Without this, a misconfigured GitHub call returning 401 Bad credentials: token=ghp_realToken would put the live token into the LLM’s working context — and from there into transcripts, into Telegram messages, into whatever else the LLM logs or summarizes.

Encrypted secrets at rest

API keys and secrets stored encrypted on disk — decrypted only at heartbeat time when the agent actually needs them. Combined with credential redaction (which prevents leakage out of the runtime) and MCP scoping (which prevents leakage into untrusted subprocesses), this closes the loop on the secret-handling story.

Why this matters operationally

Self-hosted agents are dual-use by design — the same shell access that lets Hermes install dependencies and ship code also lets a bad command path destroy the box. The seven layers exist because at least one of them will fail eventually:

  • Dangerous-command approval is the spine, but it depends on the pattern list staying current as new attack vectors emerge.
  • Container isolation contains blast radius when commands escape approval (e.g., a clever eval that doesn’t pattern-match).
  • MCP scoping limits what compromised third-party tools can access.
  • Credential redaction limits what slips into LLM context if an MCP call errors with a leaky message.
  • Website access policy prevents the browser tool from being weaponized for SSRF or for accessing internal services.
  • Authorization on messaging channels prevents anyone-with-a-Telegram-username from issuing commands.
  • Encrypted secrets at rest cap the damage if the host is compromised offline.

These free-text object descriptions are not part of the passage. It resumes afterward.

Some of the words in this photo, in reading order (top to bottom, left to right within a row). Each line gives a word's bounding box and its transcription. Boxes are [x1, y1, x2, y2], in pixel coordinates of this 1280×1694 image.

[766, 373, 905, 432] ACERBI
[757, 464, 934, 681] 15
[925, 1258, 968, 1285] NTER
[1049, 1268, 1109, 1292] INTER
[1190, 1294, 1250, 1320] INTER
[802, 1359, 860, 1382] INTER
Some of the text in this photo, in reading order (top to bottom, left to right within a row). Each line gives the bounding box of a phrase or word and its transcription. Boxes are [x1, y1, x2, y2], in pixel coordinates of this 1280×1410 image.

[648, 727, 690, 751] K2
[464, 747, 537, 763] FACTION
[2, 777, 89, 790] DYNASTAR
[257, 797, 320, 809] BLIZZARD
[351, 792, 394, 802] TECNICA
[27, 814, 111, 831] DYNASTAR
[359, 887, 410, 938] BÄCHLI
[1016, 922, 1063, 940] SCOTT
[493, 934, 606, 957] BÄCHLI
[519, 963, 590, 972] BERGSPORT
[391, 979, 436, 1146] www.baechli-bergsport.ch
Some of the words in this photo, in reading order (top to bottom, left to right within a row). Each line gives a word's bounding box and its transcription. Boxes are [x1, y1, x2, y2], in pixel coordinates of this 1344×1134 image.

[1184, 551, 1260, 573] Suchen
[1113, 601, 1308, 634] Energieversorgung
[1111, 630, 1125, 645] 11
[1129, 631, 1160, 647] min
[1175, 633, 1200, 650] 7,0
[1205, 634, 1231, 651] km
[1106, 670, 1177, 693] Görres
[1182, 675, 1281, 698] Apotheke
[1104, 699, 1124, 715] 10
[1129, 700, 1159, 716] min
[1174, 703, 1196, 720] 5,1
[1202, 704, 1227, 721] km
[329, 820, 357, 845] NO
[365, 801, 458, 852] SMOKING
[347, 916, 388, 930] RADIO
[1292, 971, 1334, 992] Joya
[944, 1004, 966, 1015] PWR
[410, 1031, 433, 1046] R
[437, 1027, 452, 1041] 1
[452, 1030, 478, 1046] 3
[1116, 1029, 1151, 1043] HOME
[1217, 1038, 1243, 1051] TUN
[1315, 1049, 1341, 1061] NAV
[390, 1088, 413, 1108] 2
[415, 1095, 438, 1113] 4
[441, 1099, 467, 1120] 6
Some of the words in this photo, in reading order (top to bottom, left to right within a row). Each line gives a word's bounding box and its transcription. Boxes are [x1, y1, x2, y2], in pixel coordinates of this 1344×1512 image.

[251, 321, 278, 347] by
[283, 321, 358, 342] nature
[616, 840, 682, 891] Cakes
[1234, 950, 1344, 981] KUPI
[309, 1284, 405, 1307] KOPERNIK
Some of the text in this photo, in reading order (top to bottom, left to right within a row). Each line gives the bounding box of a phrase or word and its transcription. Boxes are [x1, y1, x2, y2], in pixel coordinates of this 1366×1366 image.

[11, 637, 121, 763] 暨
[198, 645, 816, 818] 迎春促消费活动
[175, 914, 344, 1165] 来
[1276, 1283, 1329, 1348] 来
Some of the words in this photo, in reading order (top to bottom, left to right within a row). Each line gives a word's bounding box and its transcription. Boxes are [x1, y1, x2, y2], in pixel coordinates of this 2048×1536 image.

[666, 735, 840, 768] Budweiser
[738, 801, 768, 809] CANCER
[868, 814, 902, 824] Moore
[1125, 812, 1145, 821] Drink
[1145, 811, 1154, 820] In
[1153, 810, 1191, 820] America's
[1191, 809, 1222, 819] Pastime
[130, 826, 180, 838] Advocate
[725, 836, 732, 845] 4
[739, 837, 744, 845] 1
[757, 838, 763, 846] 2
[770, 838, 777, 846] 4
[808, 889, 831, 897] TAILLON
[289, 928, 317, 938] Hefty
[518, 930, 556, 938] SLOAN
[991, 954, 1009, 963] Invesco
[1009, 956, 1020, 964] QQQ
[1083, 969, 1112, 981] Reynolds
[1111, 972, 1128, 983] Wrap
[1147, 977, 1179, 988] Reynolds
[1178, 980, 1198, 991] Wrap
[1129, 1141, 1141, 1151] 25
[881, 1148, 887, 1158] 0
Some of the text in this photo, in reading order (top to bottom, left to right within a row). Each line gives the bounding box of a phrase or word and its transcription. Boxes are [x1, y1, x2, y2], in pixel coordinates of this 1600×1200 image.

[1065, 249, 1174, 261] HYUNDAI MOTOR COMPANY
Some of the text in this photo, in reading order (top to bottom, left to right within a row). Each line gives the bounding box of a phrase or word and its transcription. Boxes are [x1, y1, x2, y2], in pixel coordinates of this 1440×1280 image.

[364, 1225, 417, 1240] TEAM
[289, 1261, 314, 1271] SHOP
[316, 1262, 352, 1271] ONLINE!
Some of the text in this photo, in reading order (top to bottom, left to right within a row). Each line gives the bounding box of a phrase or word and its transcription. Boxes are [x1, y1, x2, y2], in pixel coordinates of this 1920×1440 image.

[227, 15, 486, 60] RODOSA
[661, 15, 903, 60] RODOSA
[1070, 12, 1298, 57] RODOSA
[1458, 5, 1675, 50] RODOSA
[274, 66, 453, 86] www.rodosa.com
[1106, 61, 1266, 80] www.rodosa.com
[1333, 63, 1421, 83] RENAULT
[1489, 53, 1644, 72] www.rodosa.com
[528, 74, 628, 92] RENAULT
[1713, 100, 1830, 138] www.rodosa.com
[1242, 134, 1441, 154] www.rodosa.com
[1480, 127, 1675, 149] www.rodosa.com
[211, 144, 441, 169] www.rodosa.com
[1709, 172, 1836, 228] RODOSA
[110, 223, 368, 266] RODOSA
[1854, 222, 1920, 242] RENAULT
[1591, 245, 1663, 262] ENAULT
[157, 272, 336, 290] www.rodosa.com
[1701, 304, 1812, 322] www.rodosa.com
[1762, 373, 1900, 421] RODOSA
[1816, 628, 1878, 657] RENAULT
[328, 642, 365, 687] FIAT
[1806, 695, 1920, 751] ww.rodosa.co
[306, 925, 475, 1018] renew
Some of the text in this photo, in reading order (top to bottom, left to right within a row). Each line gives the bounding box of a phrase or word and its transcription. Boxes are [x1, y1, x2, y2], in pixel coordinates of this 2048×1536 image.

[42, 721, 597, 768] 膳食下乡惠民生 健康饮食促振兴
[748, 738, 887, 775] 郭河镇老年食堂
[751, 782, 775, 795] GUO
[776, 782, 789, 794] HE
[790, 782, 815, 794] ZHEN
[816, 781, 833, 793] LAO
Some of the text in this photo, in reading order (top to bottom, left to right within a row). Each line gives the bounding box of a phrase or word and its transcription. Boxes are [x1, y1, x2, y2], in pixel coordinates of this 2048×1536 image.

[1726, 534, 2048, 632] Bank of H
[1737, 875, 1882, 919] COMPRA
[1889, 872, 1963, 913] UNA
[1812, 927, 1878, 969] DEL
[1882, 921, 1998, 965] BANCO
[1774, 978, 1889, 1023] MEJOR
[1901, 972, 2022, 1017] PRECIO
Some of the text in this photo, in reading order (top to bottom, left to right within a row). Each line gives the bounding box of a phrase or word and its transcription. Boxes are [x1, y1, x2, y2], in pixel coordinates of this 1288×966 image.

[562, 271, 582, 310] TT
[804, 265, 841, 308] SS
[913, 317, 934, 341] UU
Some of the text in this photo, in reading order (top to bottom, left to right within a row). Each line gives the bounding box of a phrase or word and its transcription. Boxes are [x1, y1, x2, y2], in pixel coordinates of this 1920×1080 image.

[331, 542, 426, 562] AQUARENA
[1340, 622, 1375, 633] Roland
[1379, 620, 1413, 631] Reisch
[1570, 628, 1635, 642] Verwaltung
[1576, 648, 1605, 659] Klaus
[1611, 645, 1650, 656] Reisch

Each layer is independently load-bearing.

Try It

  1. Default to manual approval mode when first deploying. The friction is the feature — you’re calibrating which commands you actually want Hermes to run autonomously before relaxing.
  2. Audit ~/.hermes/config.yaml regularly. Every MCP server’s env block is a credential. List them: which keys live there, what’s their blast radius if leaked, are they scoped to least-privilege?
  3. Test the redaction. Deliberately misconfigure a GitHub PAT and watch how the error surfaces in the agent’s reply. If you see the literal token in the response, redaction broke or the LLM cached it before redaction ran.
  4. Set approvals.timeout to match your responsiveness. Operators on Telegram with phone notifications can run 60s. Operators reviewing logs once daily should run 600s+ or stick with mode: manual and accept that overnight runs will halt.
  5. Set up the website access policy explicitly. Default-allow makes the browser tool an SSRF vector against your VPS’s internal network (RFC 1918 ranges, metadata endpoints). Block private IP space first.
  6. Cross-reference Nate Herk’s course — it walks the operator-side discipline (separate Gmail per agent, least-privilege API keys, stale-memory diagnosis) that pairs with the platform-side defenses documented here.

Open Questions

  • The docs reference an “encrypted secrets at rest” claim but do not specify the encryption algorithm, key derivation, or whether the master key is stored in TPM / Keychain / a passphrase prompt. Worth a follow-up against the Hermes source code.
  • The website access policy is described conceptually; the doc does not enumerate the syntax (regex? glob? exact host match? port-aware?). Operators deploying production policies will need to read the source or open a docs issue.
  • “Smart” approval mode’s contextual-judgment heuristics are unspecified in public docs. For a security-sensitive feature, this is a gap — operators relaxing from manual are doing so without knowing the model.